-- PROBLEM TO SOLVE --
Please return each record exactly as it stands.
[Opening GIVEN DATA section]
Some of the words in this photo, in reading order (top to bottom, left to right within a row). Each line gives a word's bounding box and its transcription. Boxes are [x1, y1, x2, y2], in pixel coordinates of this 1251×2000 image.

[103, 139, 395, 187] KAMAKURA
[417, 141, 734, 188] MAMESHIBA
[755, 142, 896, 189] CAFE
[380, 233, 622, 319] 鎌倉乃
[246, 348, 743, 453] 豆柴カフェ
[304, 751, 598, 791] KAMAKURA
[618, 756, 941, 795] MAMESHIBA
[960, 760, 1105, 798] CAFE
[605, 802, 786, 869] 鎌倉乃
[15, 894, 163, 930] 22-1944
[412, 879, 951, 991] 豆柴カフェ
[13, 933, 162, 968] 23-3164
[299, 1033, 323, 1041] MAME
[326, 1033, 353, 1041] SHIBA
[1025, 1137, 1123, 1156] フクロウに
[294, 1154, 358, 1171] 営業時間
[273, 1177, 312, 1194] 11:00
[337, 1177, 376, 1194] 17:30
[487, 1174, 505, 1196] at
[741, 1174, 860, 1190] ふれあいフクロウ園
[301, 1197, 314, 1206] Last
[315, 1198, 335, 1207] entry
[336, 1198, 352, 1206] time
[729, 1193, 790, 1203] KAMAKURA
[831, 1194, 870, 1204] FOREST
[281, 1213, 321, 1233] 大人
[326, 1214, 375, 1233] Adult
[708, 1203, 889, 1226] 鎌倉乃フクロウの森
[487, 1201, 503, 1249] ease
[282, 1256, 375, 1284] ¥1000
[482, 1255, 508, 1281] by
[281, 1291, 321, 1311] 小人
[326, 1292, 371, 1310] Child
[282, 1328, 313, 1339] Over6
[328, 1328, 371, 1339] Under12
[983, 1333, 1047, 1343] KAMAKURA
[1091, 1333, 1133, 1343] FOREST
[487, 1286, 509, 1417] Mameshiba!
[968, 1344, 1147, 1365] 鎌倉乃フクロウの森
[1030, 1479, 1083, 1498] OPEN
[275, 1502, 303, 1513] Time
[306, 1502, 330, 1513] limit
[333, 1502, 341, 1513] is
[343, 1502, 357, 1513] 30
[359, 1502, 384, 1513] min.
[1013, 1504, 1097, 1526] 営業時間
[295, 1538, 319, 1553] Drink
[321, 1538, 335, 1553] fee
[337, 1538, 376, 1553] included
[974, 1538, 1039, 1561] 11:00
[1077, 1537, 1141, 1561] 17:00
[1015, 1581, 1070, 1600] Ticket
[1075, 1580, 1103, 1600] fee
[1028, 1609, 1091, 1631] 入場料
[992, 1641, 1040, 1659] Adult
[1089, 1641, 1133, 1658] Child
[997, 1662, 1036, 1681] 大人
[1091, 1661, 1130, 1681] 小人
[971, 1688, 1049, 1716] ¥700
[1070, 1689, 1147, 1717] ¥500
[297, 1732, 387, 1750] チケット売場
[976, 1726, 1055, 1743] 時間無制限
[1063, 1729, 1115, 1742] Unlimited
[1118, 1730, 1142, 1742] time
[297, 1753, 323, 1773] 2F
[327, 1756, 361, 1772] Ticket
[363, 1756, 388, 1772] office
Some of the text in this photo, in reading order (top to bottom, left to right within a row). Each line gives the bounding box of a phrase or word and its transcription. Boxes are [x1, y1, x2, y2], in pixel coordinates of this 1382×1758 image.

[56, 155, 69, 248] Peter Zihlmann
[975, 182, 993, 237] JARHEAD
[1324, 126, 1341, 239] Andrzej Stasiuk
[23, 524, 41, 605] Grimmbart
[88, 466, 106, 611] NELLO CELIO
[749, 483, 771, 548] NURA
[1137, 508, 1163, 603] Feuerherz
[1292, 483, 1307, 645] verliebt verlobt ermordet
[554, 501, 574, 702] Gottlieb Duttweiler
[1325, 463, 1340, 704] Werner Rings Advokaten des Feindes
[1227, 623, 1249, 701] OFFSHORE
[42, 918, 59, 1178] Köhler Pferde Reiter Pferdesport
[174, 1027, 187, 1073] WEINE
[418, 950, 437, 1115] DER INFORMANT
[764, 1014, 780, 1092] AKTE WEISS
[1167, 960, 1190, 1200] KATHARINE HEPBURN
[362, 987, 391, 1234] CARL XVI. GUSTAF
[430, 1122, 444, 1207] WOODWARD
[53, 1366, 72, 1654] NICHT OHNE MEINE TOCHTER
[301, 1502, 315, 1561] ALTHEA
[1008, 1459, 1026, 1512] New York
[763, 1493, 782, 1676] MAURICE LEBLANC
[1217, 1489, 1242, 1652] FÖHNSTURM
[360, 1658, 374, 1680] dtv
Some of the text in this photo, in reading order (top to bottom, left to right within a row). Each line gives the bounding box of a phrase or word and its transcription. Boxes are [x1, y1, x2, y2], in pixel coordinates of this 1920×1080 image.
[Closing GIVEN DATA section]
-- PROBLEM SOLUTION --
Some of the words in this photo, in reading order (top to bottom, left to right within a row). Each line gives a word's bounding box and its transcription. Boxes are [x1, y1, x2, y2], in pixel coordinates of this 1251×2000 image.

[103, 139, 395, 187] KAMAKURA
[417, 141, 734, 188] MAMESHIBA
[755, 142, 896, 189] CAFE
[380, 233, 622, 319] 鎌倉乃
[246, 348, 743, 453] 豆柴カフェ
[304, 751, 598, 791] KAMAKURA
[618, 756, 941, 795] MAMESHIBA
[960, 760, 1105, 798] CAFE
[605, 802, 786, 869] 鎌倉乃
[15, 894, 163, 930] 22-1944
[412, 879, 951, 991] 豆柴カフェ
[13, 933, 162, 968] 23-3164
[299, 1033, 323, 1041] MAME
[326, 1033, 353, 1041] SHIBA
[1025, 1137, 1123, 1156] フクロウに
[294, 1154, 358, 1171] 営業時間
[273, 1177, 312, 1194] 11:00
[337, 1177, 376, 1194] 17:30
[487, 1174, 505, 1196] at
[741, 1174, 860, 1190] ふれあいフクロウ園
[301, 1197, 314, 1206] Last
[315, 1198, 335, 1207] entry
[336, 1198, 352, 1206] time
[729, 1193, 790, 1203] KAMAKURA
[831, 1194, 870, 1204] FOREST
[281, 1213, 321, 1233] 大人
[326, 1214, 375, 1233] Adult
[708, 1203, 889, 1226] 鎌倉乃フクロウの森
[487, 1201, 503, 1249] ease
[282, 1256, 375, 1284] ¥1000
[482, 1255, 508, 1281] by
[281, 1291, 321, 1311] 小人
[326, 1292, 371, 1310] Child
[282, 1328, 313, 1339] Over6
[328, 1328, 371, 1339] Under12
[983, 1333, 1047, 1343] KAMAKURA
[1091, 1333, 1133, 1343] FOREST
[487, 1286, 509, 1417] Mameshiba!
[968, 1344, 1147, 1365] 鎌倉乃フクロウの森
[1030, 1479, 1083, 1498] OPEN
[275, 1502, 303, 1513] Time
[306, 1502, 330, 1513] limit
[333, 1502, 341, 1513] is
[343, 1502, 357, 1513] 30
[359, 1502, 384, 1513] min.
[1013, 1504, 1097, 1526] 営業時間
[295, 1538, 319, 1553] Drink
[321, 1538, 335, 1553] fee
[337, 1538, 376, 1553] included
[974, 1538, 1039, 1561] 11:00
[1077, 1537, 1141, 1561] 17:00
[1015, 1581, 1070, 1600] Ticket
[1075, 1580, 1103, 1600] fee
[1028, 1609, 1091, 1631] 入場料
[992, 1641, 1040, 1659] Adult
[1089, 1641, 1133, 1658] Child
[997, 1662, 1036, 1681] 大人
[1091, 1661, 1130, 1681] 小人
[971, 1688, 1049, 1716] ¥700
[1070, 1689, 1147, 1717] ¥500
[297, 1732, 387, 1750] チケット売場
[976, 1726, 1055, 1743] 時間無制限
[1063, 1729, 1115, 1742] Unlimited
[1118, 1730, 1142, 1742] time
[297, 1753, 323, 1773] 2F
[327, 1756, 361, 1772] Ticket
[363, 1756, 388, 1772] office
Some of the text in this photo, in reading order (top to bottom, left to right within a row). Each line gives the bounding box of a phrase or word and its transcription. Boxes are [x1, y1, x2, y2], in pixel coordinates of this 1382×1758 image.

[56, 155, 69, 248] Peter Zihlmann
[975, 182, 993, 237] JARHEAD
[1324, 126, 1341, 239] Andrzej Stasiuk
[23, 524, 41, 605] Grimmbart
[88, 466, 106, 611] NELLO CELIO
[749, 483, 771, 548] NURA
[1137, 508, 1163, 603] Feuerherz
[1292, 483, 1307, 645] verliebt verlobt ermordet
[554, 501, 574, 702] Gottlieb Duttweiler
[1325, 463, 1340, 704] Werner Rings Advokaten des Feindes
[1227, 623, 1249, 701] OFFSHORE
[42, 918, 59, 1178] Köhler Pferde Reiter Pferdesport
[174, 1027, 187, 1073] WEINE
[418, 950, 437, 1115] DER INFORMANT
[764, 1014, 780, 1092] AKTE WEISS
[1167, 960, 1190, 1200] KATHARINE HEPBURN
[362, 987, 391, 1234] CARL XVI. GUSTAF
[430, 1122, 444, 1207] WOODWARD
[53, 1366, 72, 1654] NICHT OHNE MEINE TOCHTER
[301, 1502, 315, 1561] ALTHEA
[1008, 1459, 1026, 1512] New York
[763, 1493, 782, 1676] MAURICE LEBLANC
[1217, 1489, 1242, 1652] FÖHNSTURM
[360, 1658, 374, 1680] dtv
Some of the text in this photo, in reading order (top to bottom, left to right within a row). Each line gives the bounding box of a phrase or word and its transcription. Boxes are [x1, y1, x2, y2], in pixel coordinates of this 1920×1080 image.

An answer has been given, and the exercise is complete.